**WHAT IS EXPECTED**
Leave the images aside and copy out the whole listing, exact to the word.

**RECORD EXTRACTS**

*****

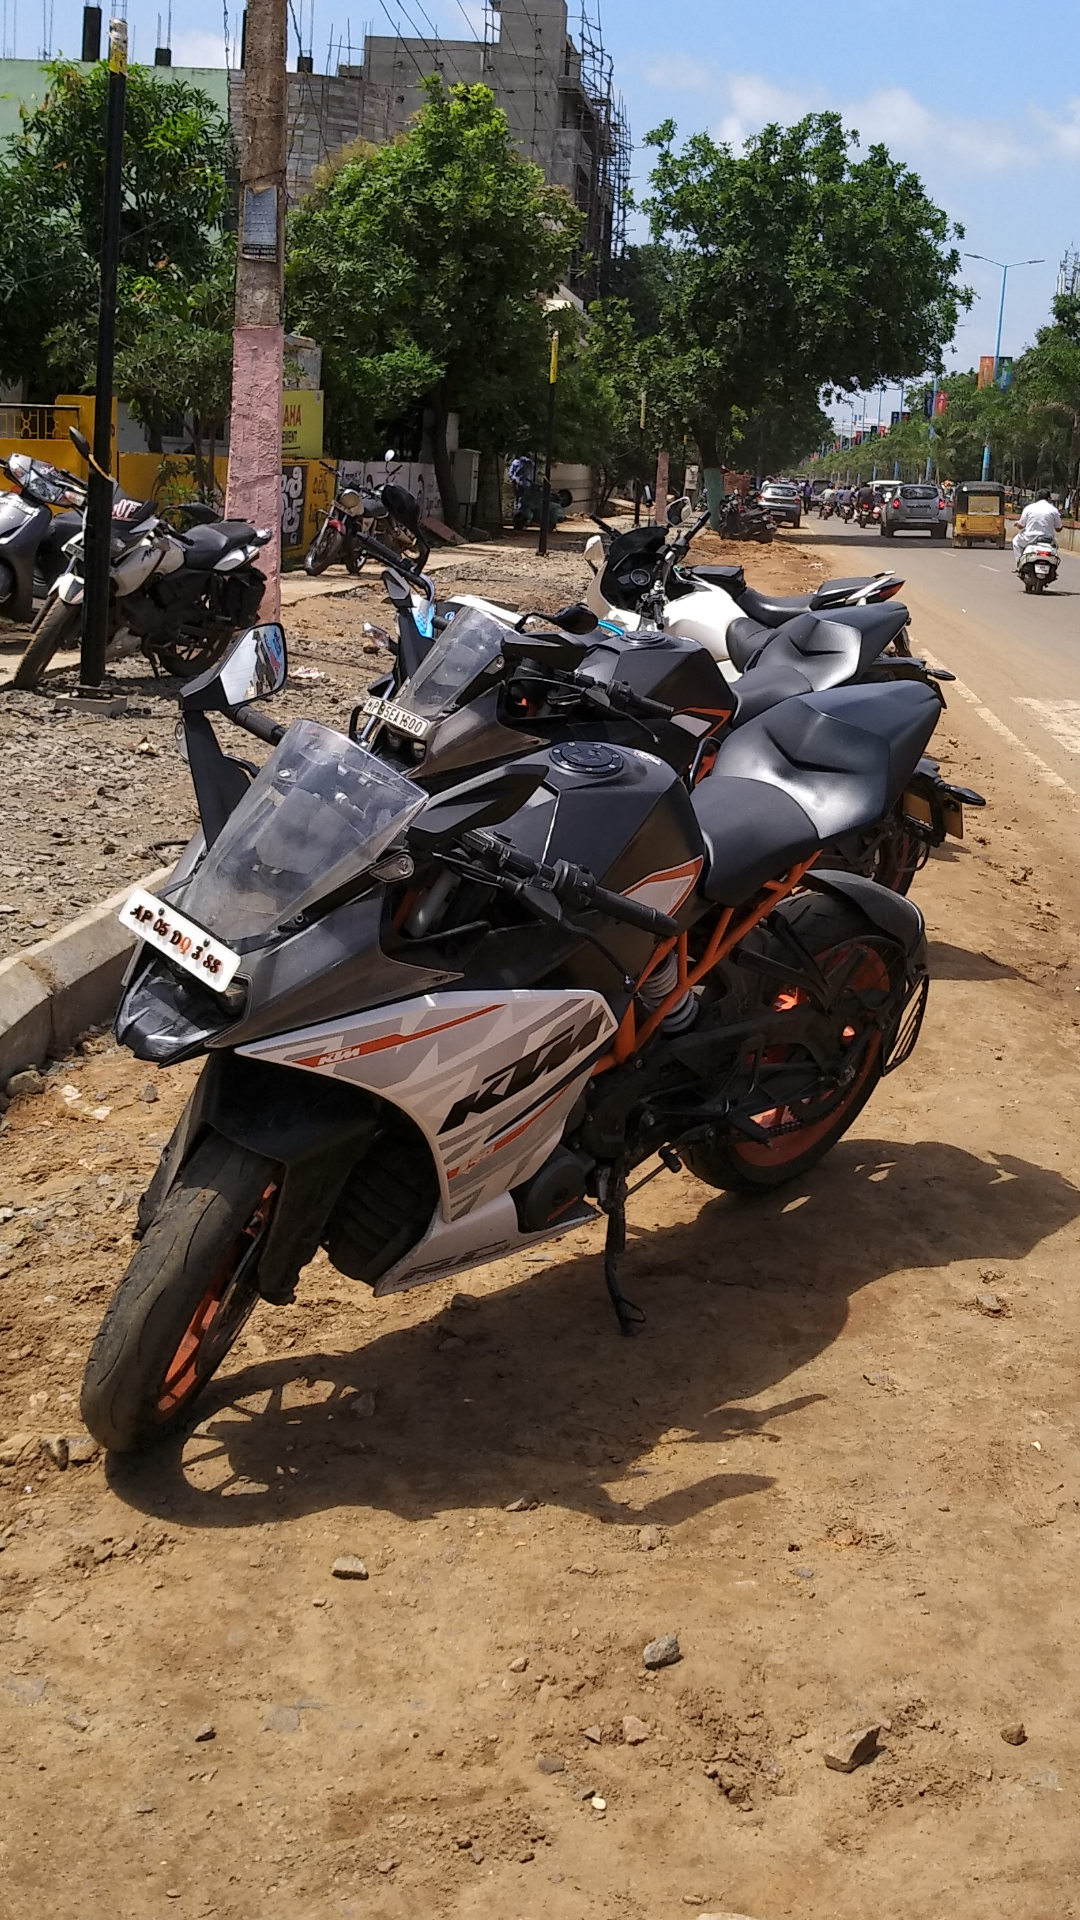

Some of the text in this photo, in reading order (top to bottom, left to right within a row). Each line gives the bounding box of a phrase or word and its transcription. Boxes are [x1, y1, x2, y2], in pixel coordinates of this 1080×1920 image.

[282, 404, 302, 427] AHA
[317, 1046, 361, 1066] KTM
[436, 1010, 605, 1137] KTM
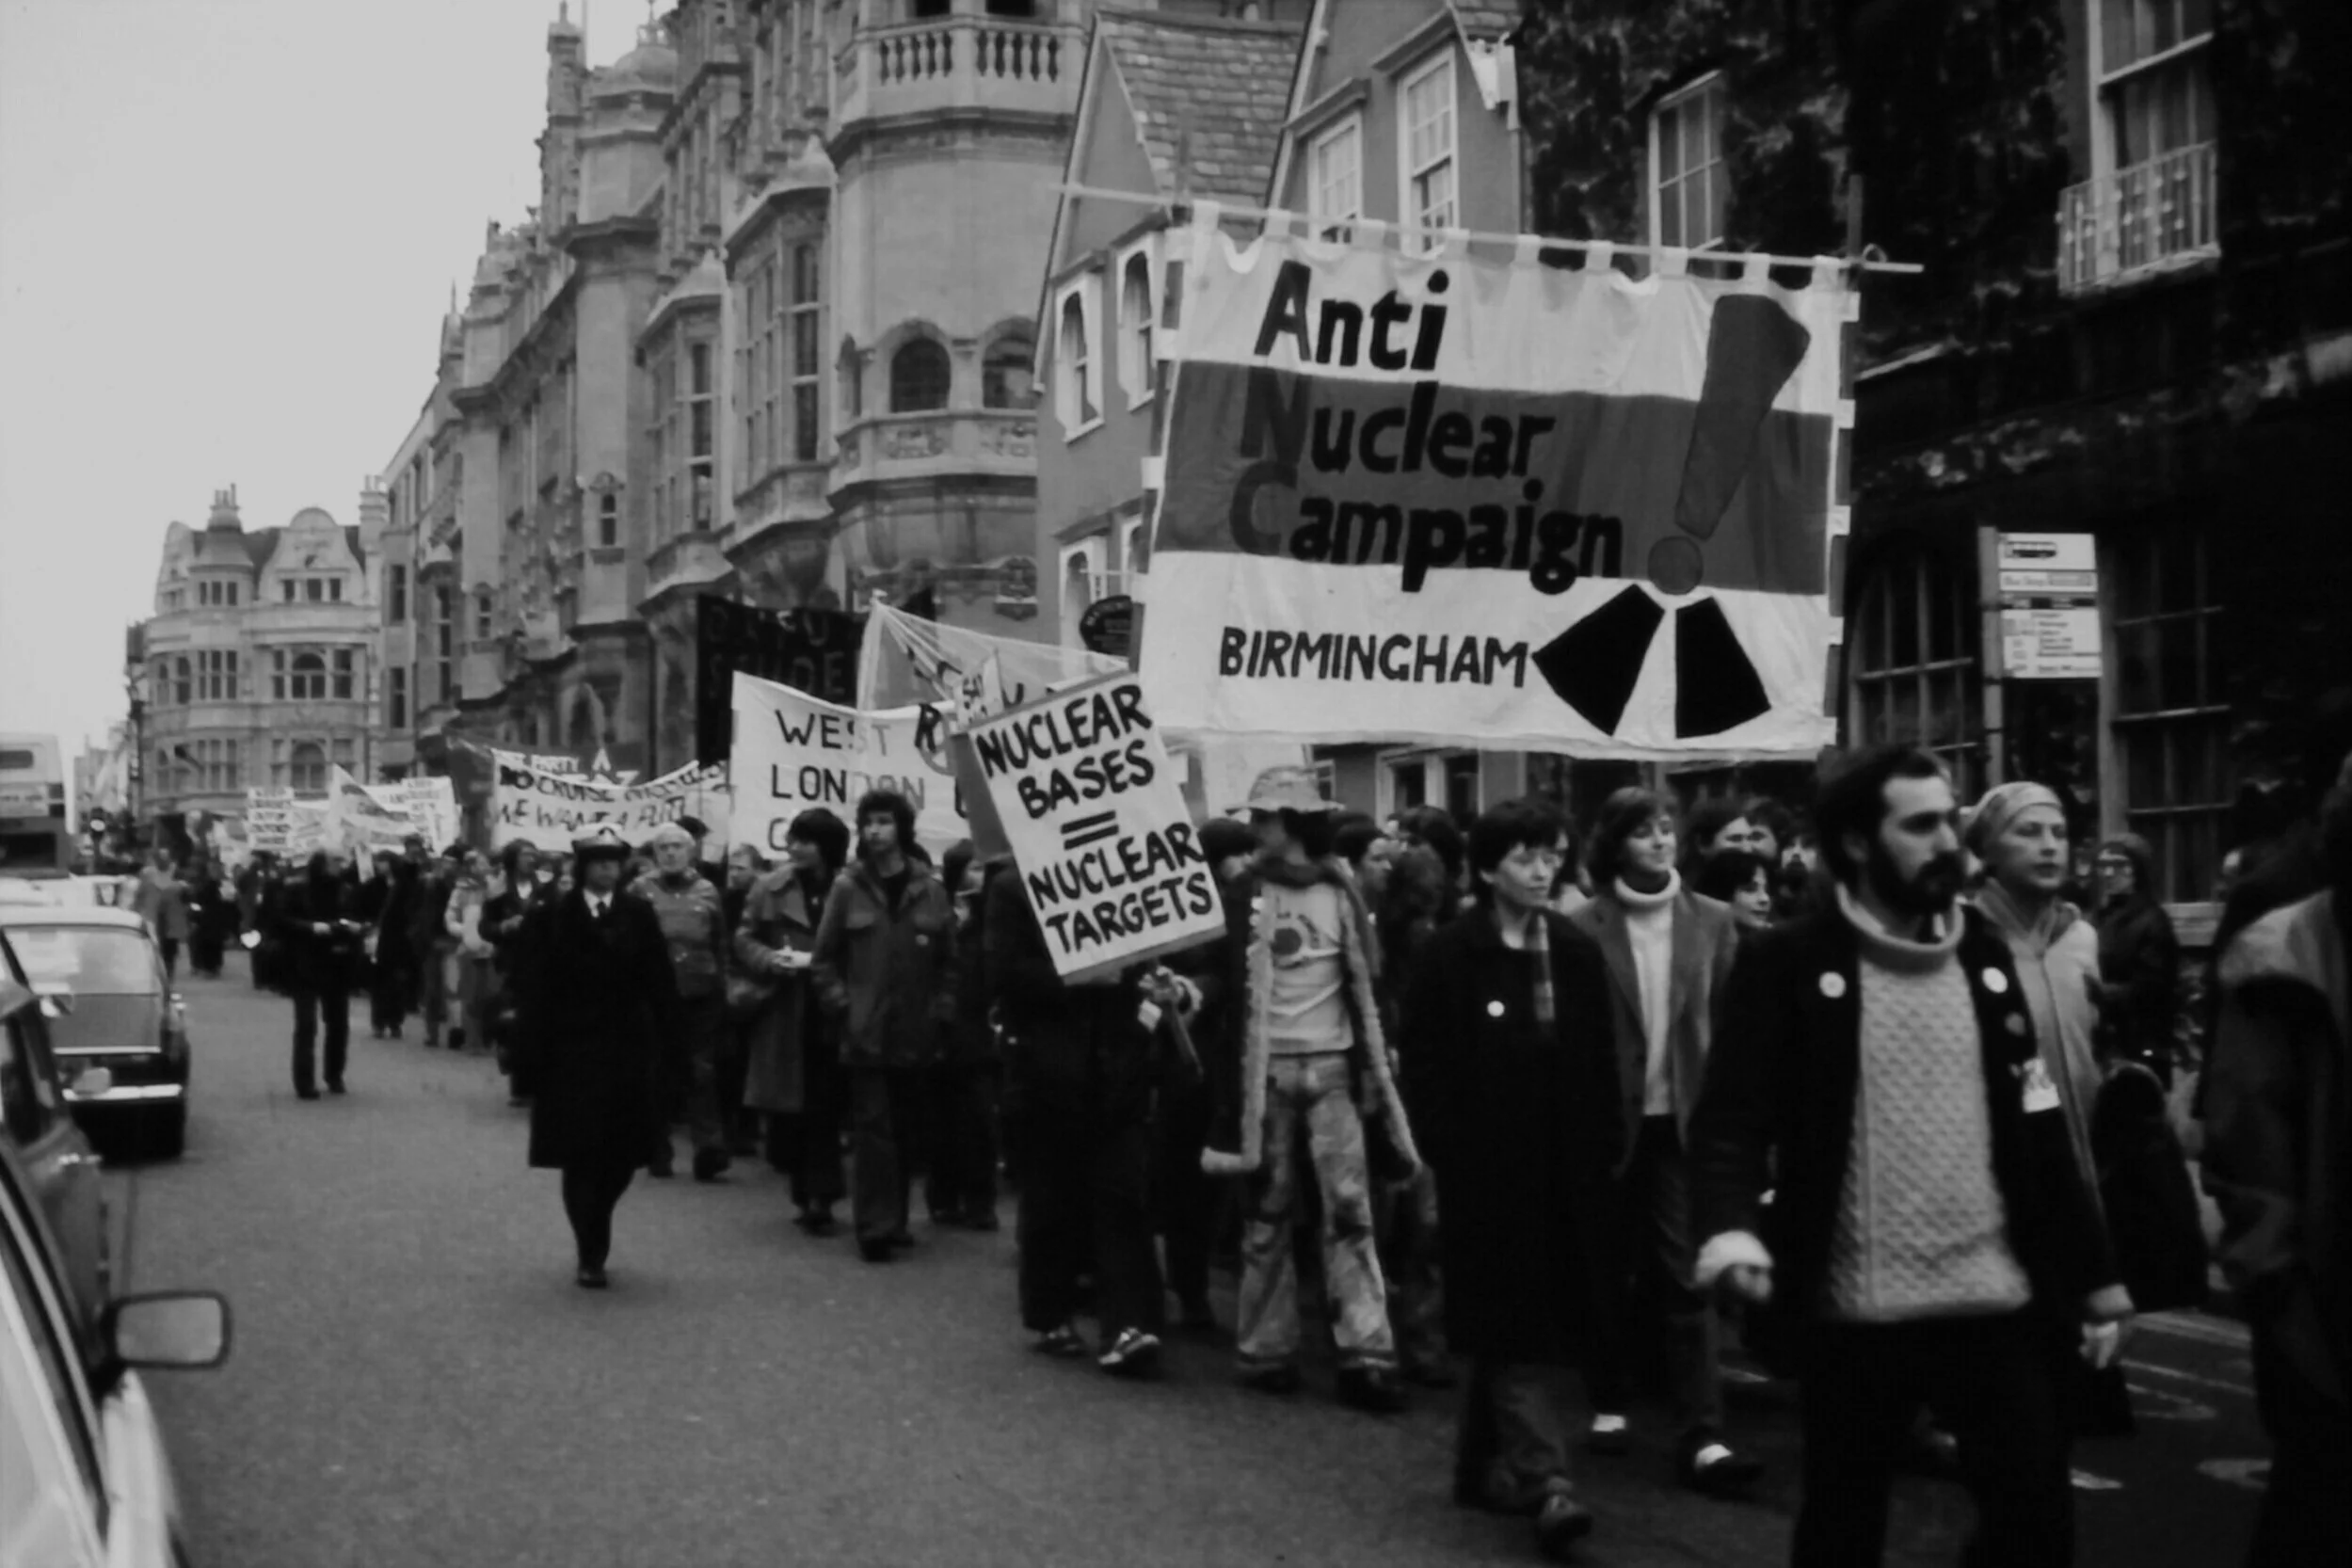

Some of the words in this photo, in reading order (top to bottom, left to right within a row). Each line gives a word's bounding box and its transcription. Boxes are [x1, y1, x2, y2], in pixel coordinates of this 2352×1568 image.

[1254, 259, 1449, 371] Anti
[1240, 367, 1557, 478] Nuclear
[1229, 460, 1623, 596] Campaign
[1218, 626, 1528, 688] BIRMINGHAM
[775, 709, 890, 756] WEST
[975, 684, 1153, 778] NUCLEAR
[1017, 739, 1155, 819] BASES
[1028, 822, 1207, 910] NUCLEAR
[1046, 872, 1213, 953] TARGETS
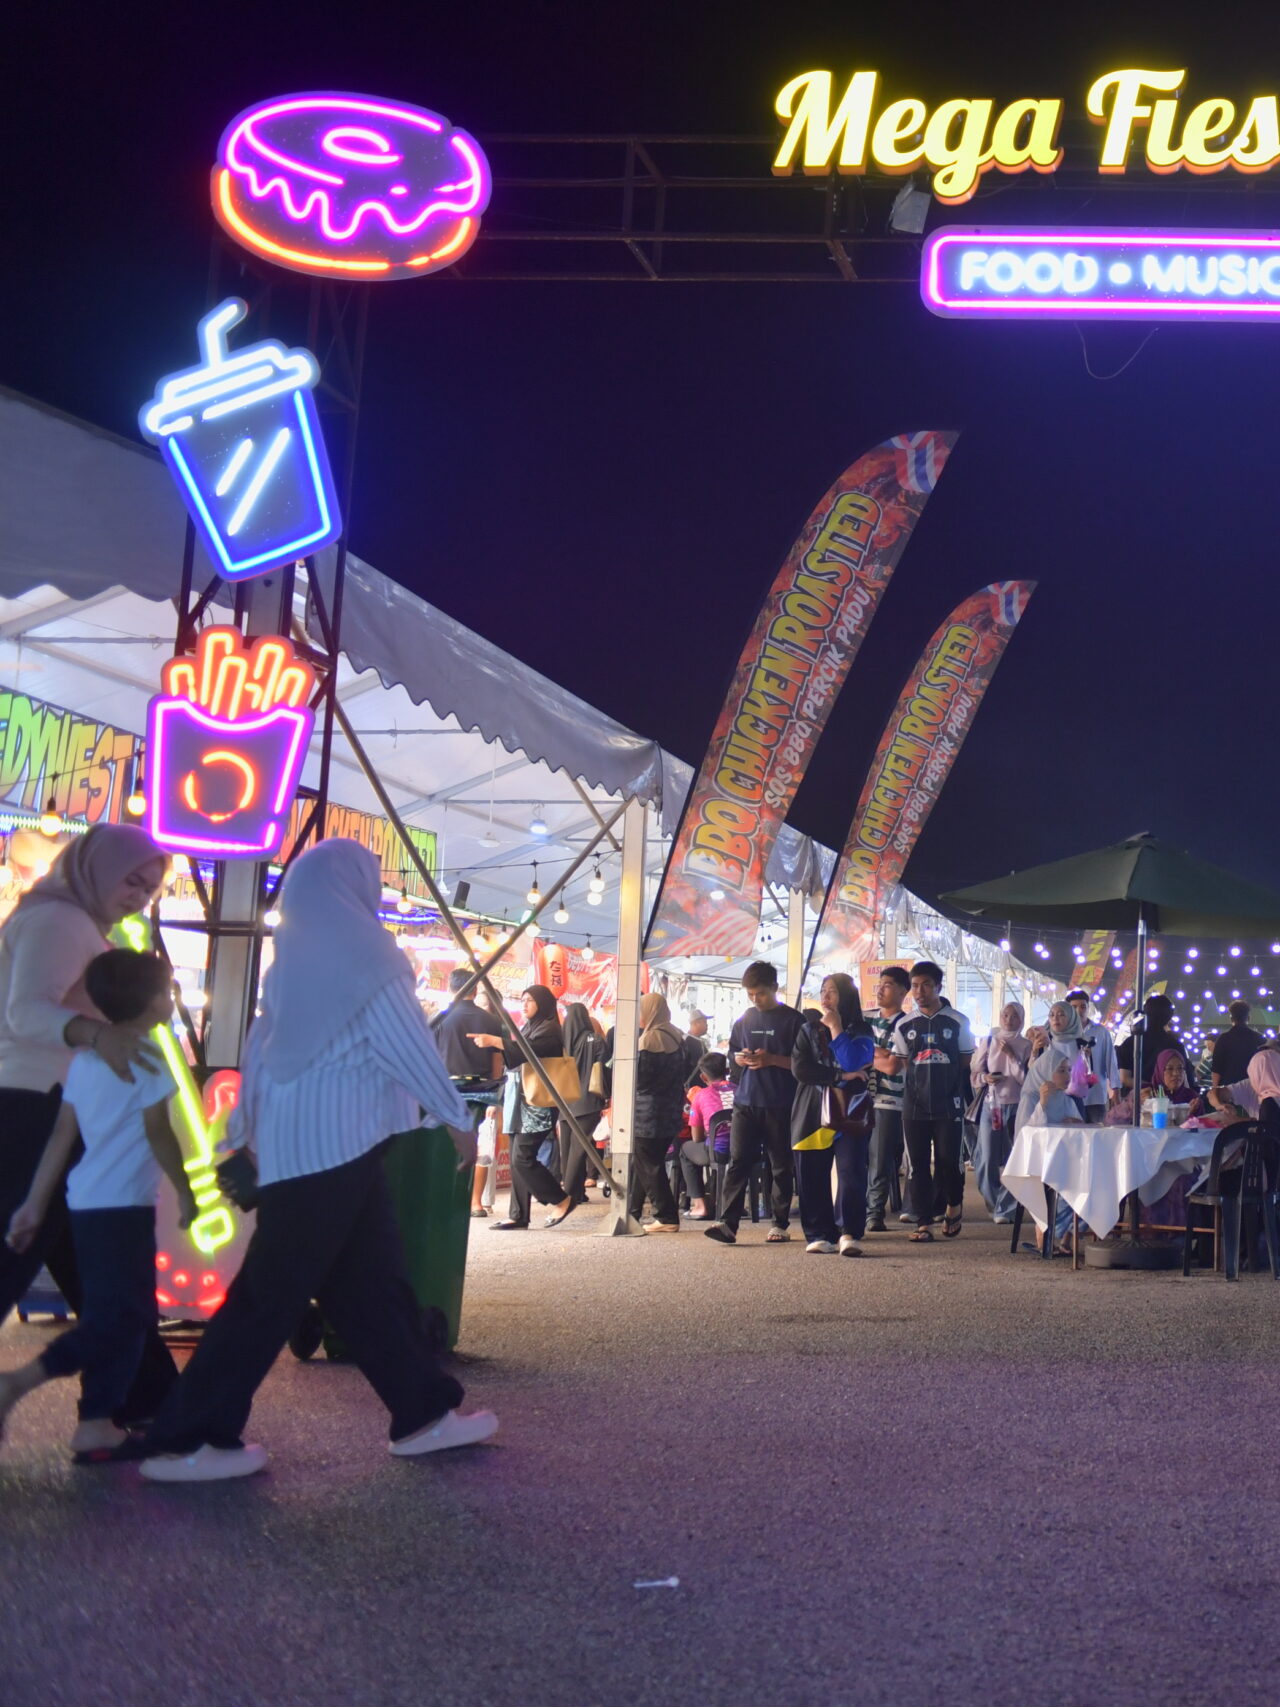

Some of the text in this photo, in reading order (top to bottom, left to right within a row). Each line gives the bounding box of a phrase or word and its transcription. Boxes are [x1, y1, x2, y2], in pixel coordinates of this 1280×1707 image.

*****

**WRITTEN REPLY**
Some of the text in this photo, in reading order (top to bottom, left to right within a row). Each line gives the bounding box of a phrase or word and its transcription. Boxes are [x1, y1, x2, y2], in pixel coordinates of this 1080×1920 image.

[282, 404, 302, 427] AHA
[317, 1046, 361, 1066] KTM
[436, 1010, 605, 1137] KTM

Some of the words in this photo, in reading order (top to bottom, left to right within a row). Each line gives a word's bounding box and its transcription. Boxes are [x1, y1, x2, y2], in pixel coordinates of this 2352×1568 image.

[1254, 259, 1449, 371] Anti
[1240, 367, 1557, 478] Nuclear
[1229, 460, 1623, 596] Campaign
[1218, 626, 1528, 688] BIRMINGHAM
[775, 709, 890, 756] WEST
[975, 684, 1153, 778] NUCLEAR
[1017, 739, 1155, 819] BASES
[1028, 822, 1207, 910] NUCLEAR
[1046, 872, 1213, 953] TARGETS

Some of the text in this photo, in reading order (top to bottom, left to right within a row). Each line gives the bounding box of a phrase or word and its transcription. Boxes are [x1, y1, x2, y2], in pixel coordinates of this 1280×1707 image.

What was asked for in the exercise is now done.